Bitcoin e o mercado de criptomoedas mais amplo têm experimentado uma redefinição completa do mercado na última semana e particularmente nas últimas 24 horas. Alarmes de capitulação foram acionados, já que mais de 500 bilhões de dólares em capitalização total do mercado de criptoativos foram apagados desde 31 de janeiro, representando uma queda impressionante de mais de 20% em seis dias.
ConteúdosOferta Submersa Atinge Níveis RarosMaior Queda em Um Dia Desde as Liquidações da FTX Acelerar a MovimentaçãoChoque Macroeconómico Aumentou o CombustívelO que os Traders Estão A Ver a SeguirBitcoin -13,82% de movimento ontem marcou a sua 8ª maior queda diária nos últimos dez anos. Em termos de dólares brutos, o Bitcoin também registou a sua primeira redução de mais de 10 mil dólares num único dia. O que testemunhámos no mercado ontem foi um desmantelamento sistemático de stress, desencadeando uma venda em cascata impulsionada por múltiplos fatores ao mesmo tempo.
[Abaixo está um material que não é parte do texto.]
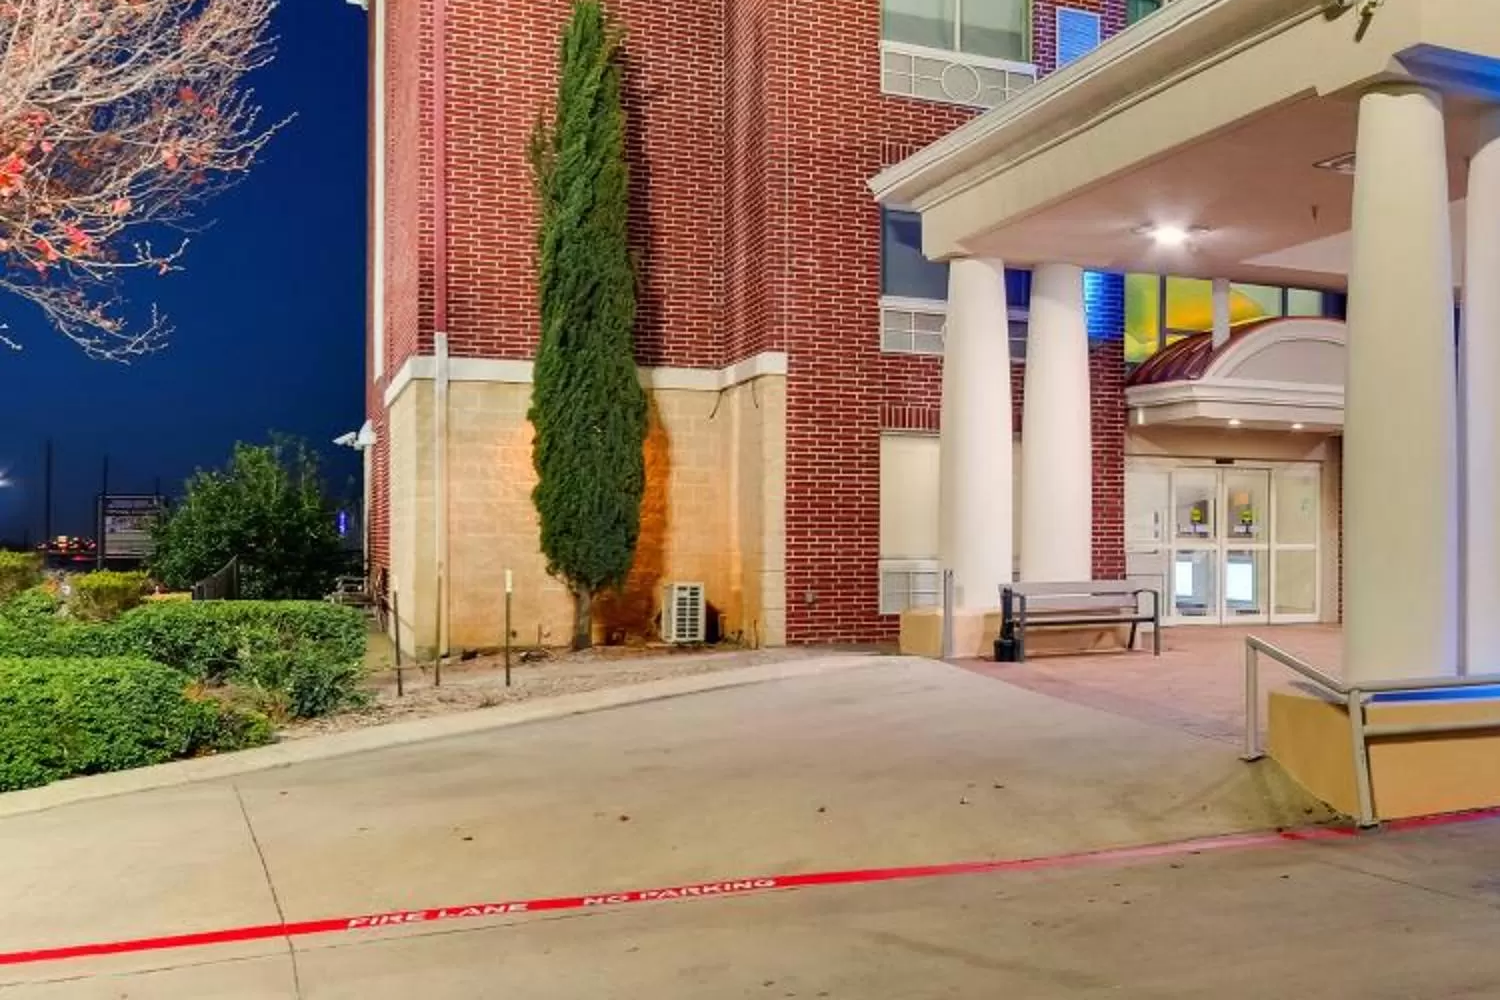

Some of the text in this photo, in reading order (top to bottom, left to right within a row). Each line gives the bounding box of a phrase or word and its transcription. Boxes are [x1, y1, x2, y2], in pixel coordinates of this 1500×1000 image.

[348, 878, 776, 929] FIRE LANE NO PARKING
Esta forte venda agora significa que o Bitcoin está a testar extremos históricos tanto do ponto de vista da análise técnica quanto de uma perspetiva on-chain. As zonas que estão a ser testadas agora e discutidas neste artigo normalmente surgem durante mercados de baixa prolongados, o que torna a reação a partir daqui especialmente importante. Como os preços reagem a esses níveis ajudará a determinar se o mercado está a formar um fundo duradouro ou a entrar numa tendência de baixa mais profunda.
Oferta Submersa Atinge Níveis Raros
Com o BTC a cair abaixo dos máximos do ciclo de 2021 de 69 mil dólares e a acelerar em direção a um mínimo de 60 mil dólares, mais de 9,5 milhões de BTC estão agora em perda. Este é o maior volume de oferta em perda desde janeiro de 2023.
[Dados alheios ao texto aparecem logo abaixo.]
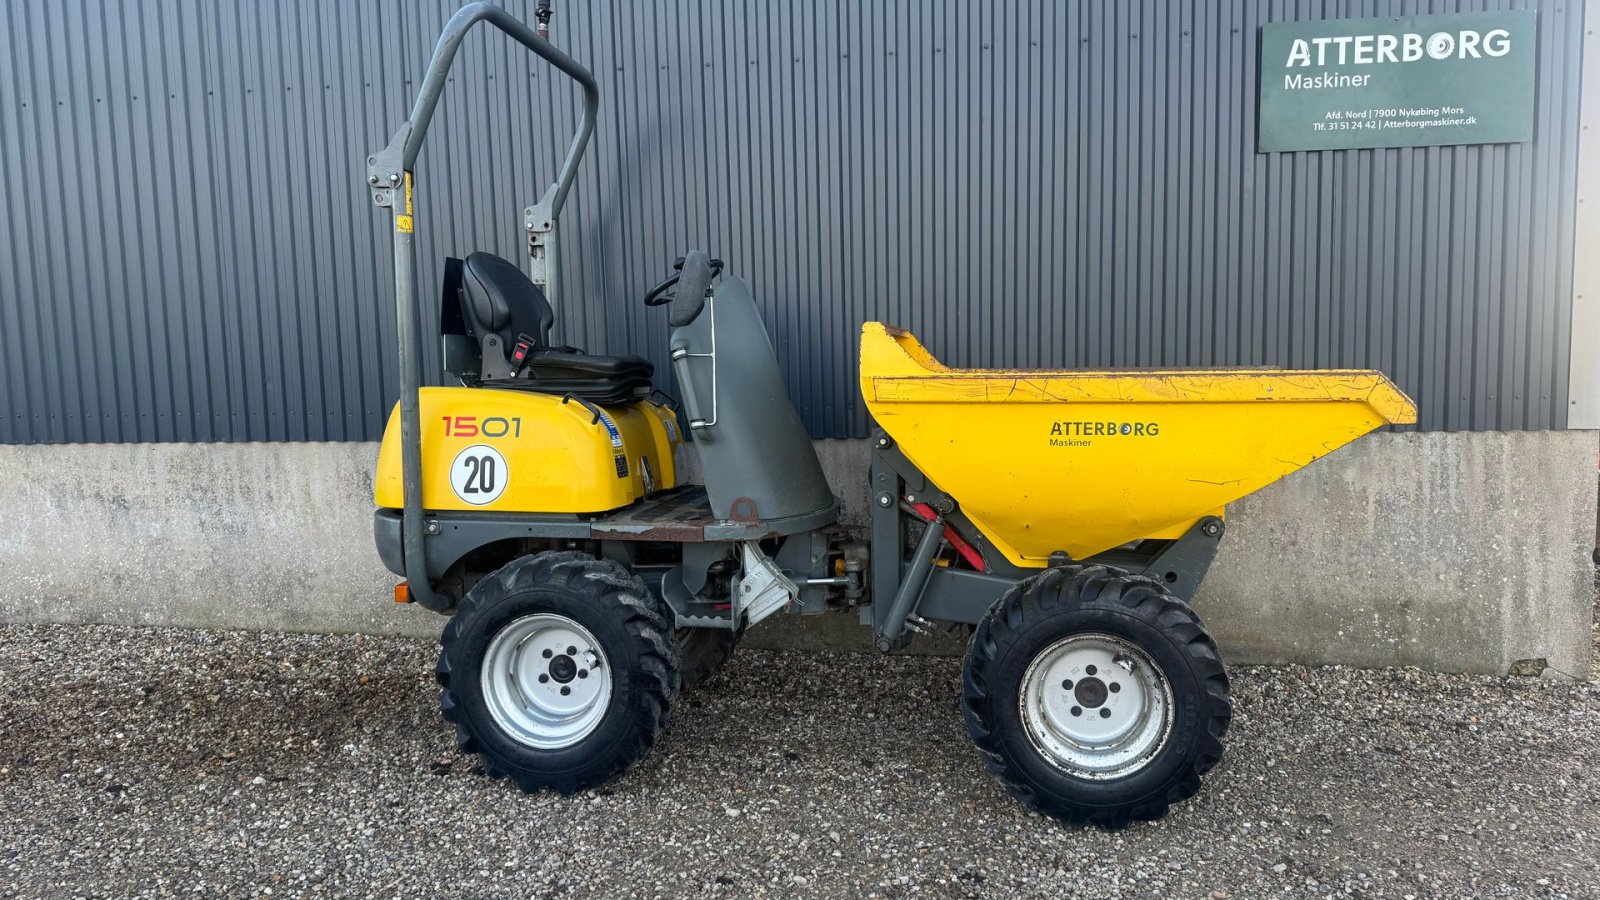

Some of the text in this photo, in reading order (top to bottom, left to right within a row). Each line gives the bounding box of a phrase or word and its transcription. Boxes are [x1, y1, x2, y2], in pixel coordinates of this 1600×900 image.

[1285, 28, 1511, 68] ATTERBORG
[1284, 72, 1371, 90] Maskiner
[1325, 111, 1343, 120] Afd.
[1346, 110, 1367, 119] Nord
[1374, 109, 1397, 118] 7900
[1399, 107, 1440, 118] Nykøbing
[1441, 106, 1465, 115] Mors
[1328, 122, 1338, 130] 31
[1340, 122, 1350, 130] 51
[1352, 121, 1363, 130] 24
[1365, 120, 1376, 129] 42
[1383, 116, 1477, 129] Atterborgmaskiner.dk
[442, 416, 522, 438] 1501
[1050, 421, 1159, 436] ATTERBORG
[1049, 438, 1092, 447] Maskiner
[463, 455, 496, 494] 20
Outra indicação clara de capitulação pode ser vista através do gráfico de Lucro e Perda Realizada Líquida (NRPL). Este mede o lucro ou perda total que os investidores realizam quando as moedas se movem na cadeia. Cada Bitcoin tem um “preço de última movimentação” registado, muitas vezes referido como a sua base de custo. Quando uma moeda se move a um preço superior à sua base de custo, é considerada lucro realizado; quando se move abaixo desse nível, é considerada perda realizada.
A métrica então agrega a diferença entre todos os lucros realizados e perdas realizadas em toda a rede a cada dia. Embora a blockchain não possa ver diretamente se uma moeda foi vendida ou retirada, grandes ondas de movimento na cadeia coincidem historicamente com moedas enviadas para trocas, redistribuídas após negociações ou liquidadas durante eventos de stress. Por essa razão, a métrica é amplamente utilizada como um proxy fiável para determinar se o mercado está a realizar lucros ou perdas coletivamente.
A média móvel simples de 7 dias é aplicada a este gráfico porque os lucros e perdas realizados diários podem variar significativamente e distorcer as leituras. Ao fazer a média dos últimos sete dias, o indicador destaca tendências de forma equilibrada, em vez de ruído de um dia. Agora, ao olharmos para o estado atual dos participantes no mercado, a média de NRPL dos últimos 7 dias está em -1,8 mil milhões por dia. Isto contrasta fortemente com as fases de alta em 2024 e 2025, quando este dado estava bem no lado do lucro, atingindo picos superiores a 4,5 mil milhões por dia durante novembro de 2024.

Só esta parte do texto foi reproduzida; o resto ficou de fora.